Why vegan shoes? (Florez): Stephanie was already a vegan-leaning vegetarian when she quit her job in finance and entertainment and studied under a master artisan shoemaker. She started off saying, “OK, if I’m going to use leather, then what’s the most sustainable? Can I trace this back and see how the cattle are raised and if there is at least humanity in the raising process?” But the more she read and researched, she realized it’s impossible when you’re raising cattle and the amount of waste and devastation that happens — you can only use 30 percent of a given hide because of scarring and other things on animal skin. Then the more she learned about how it’s tanned and how harmful it is to workers, it became a no brainer to say, “I’ve just got to find something different.”

What materials do you use? We have a vendor in the old textile belt in South Carolina and, given their challenge of competing with outsourced production, they’ve chosen to compete by adopting the latest technology, and recycled polyester and plastics, to create the fabric and uppers for our sandals. Then we have a manufacturer in New England that creates our leather substitute, a significant portion of which is recycled as well.

VEGAN_DESIGNERS6
VEGAN_DESIGNERS6

Matt & Nat

Founders: Inder Bendi and Manny Kohli

What to get now: Shoulder bags, totes, and weekend satchels

Where to buy: Various national retailers, Mattandnat.com

How was Matt & Nat such an early vegan-bag pioneer? (From a spokesperson, as founder Inder Bendi is no longer with the company): Inder was living and studying in Montreal at the time of the company’s conception. He tried to be vegan for a month, when at that time [early ’90s] being vegan wasn’t a very popular concept. He realized how limiting the lifestyle was and saw a real opportunity for vegan products. Inder began Matt & Nat right out of university, in 1995 … It was built on one of the principles of veganism, which are respecting life and nature, and meant that there was a lot of attention paid to the material and quality. The company slowly grew, and in 2001, he partnered with now-president and owner Manny Kohli, an experienced and established businessman. Matt & Nat aims to prove that accessories don’t need to be made of leather to be considered fashionable.

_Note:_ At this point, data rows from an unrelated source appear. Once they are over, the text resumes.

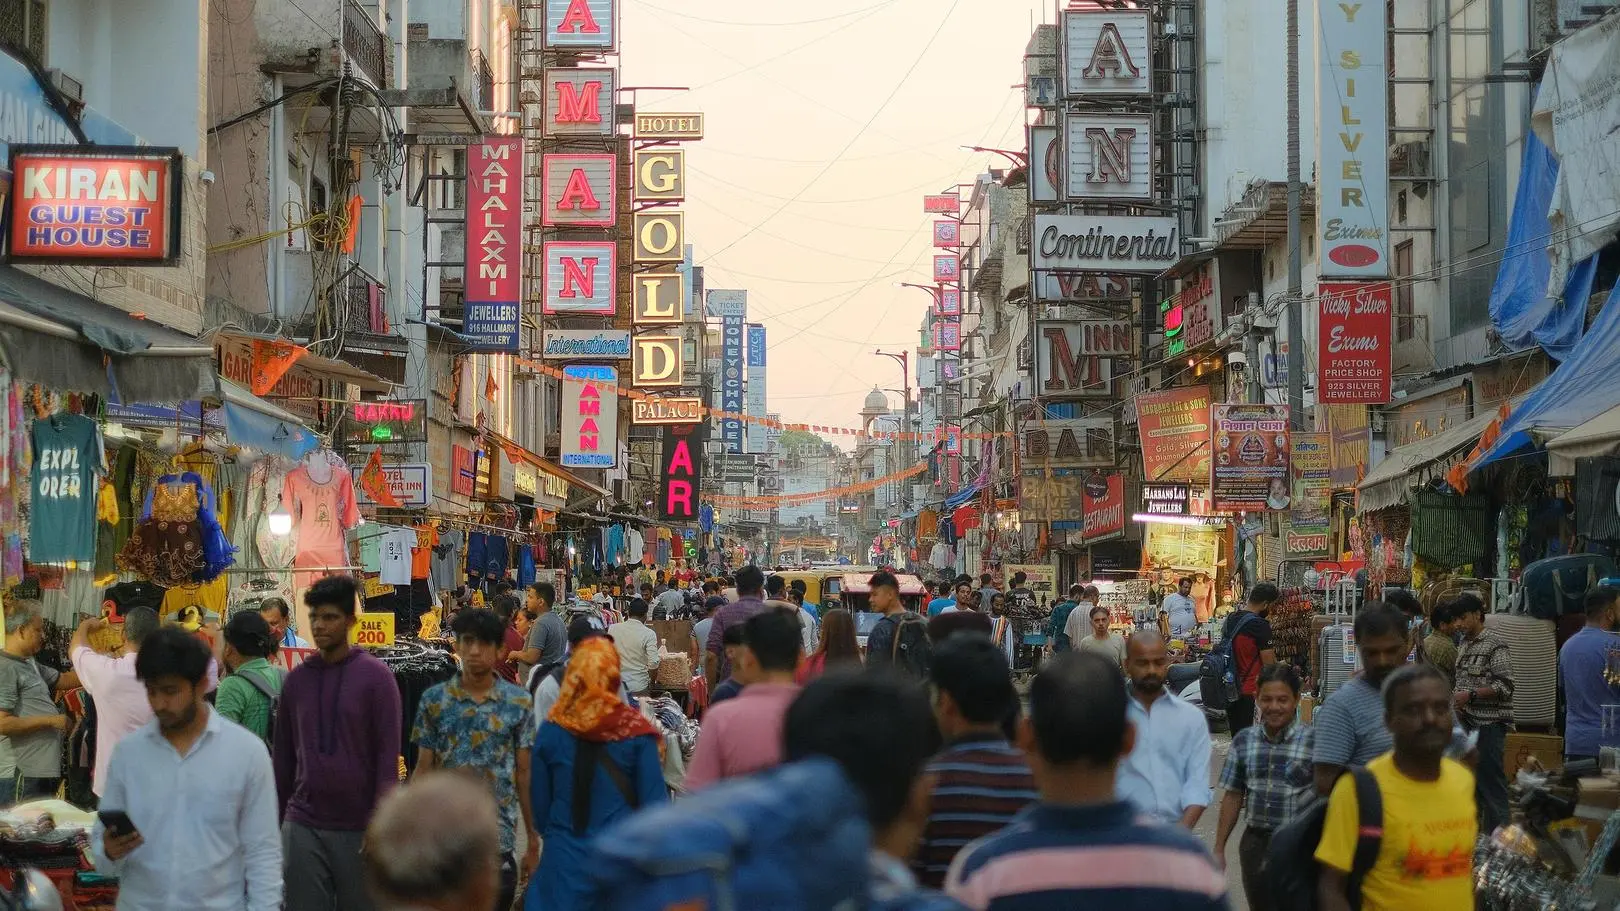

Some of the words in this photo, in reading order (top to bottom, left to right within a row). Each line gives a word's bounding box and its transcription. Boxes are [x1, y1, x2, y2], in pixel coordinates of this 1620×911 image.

[639, 117, 699, 133] HOTEL
[1338, 50, 1364, 208] SILVER
[23, 166, 158, 202] KIRAN
[28, 204, 151, 226] GUEST
[479, 144, 510, 296] MAHALAXMI
[27, 226, 152, 249] HOUSE
[1039, 225, 1177, 261] Continental
[639, 156, 678, 381] GOLD
[469, 305, 517, 321] JEWELLERS
[1321, 289, 1351, 320] Vicky
[1355, 288, 1388, 315] Silver
[468, 323, 481, 333] 916
[481, 323, 516, 333] HALLMARK
[1083, 324, 1130, 352] INN
[544, 333, 630, 355] International
[726, 317, 741, 366] MONEY
[1325, 369, 1354, 377] PRICE
[1356, 369, 1382, 377] SHOP
[1331, 359, 1376, 368] FACTORY
[1325, 390, 1382, 399] JEWELLERY
[1347, 382, 1380, 390] SILVER
[579, 383, 601, 451] AMAN
[637, 402, 697, 419] PALACE
[1220, 420, 1257, 431] निशान
[1258, 420, 1285, 431] यात्रा
[1025, 427, 1113, 459] BAR
[40, 449, 80, 471] EXPL
[562, 453, 614, 466] INTERNATIONAL
[406, 482, 423, 491] INN
[1144, 487, 1173, 500] HARBANS
[1174, 486, 1186, 500] LAL
[1147, 500, 1183, 513] JEWELLERS
[1083, 503, 1122, 533] RESTAURANT
[1287, 530, 1328, 552] दिलबाग
[361, 621, 382, 630] SALE
[357, 631, 386, 643] 200

What materials do you use? Various vegan leathers are used in the production of our products, the scientific terms being PU (polyurethane) and PVC (polyvinyl chloride). PU is biodegradable, making it less harmful for the environment, and its use is preferred. Over the years, we have been experimenting with different recycled materials such as nylons, cardboard, rubber, cork, and rubber tires. Since 2007, we have been committed to using linings made solely of 100 percent recycled plastic bottles. Today, we are proud to announce that we have recycled over 2 million plastic bottles in the manufacturing of our bags.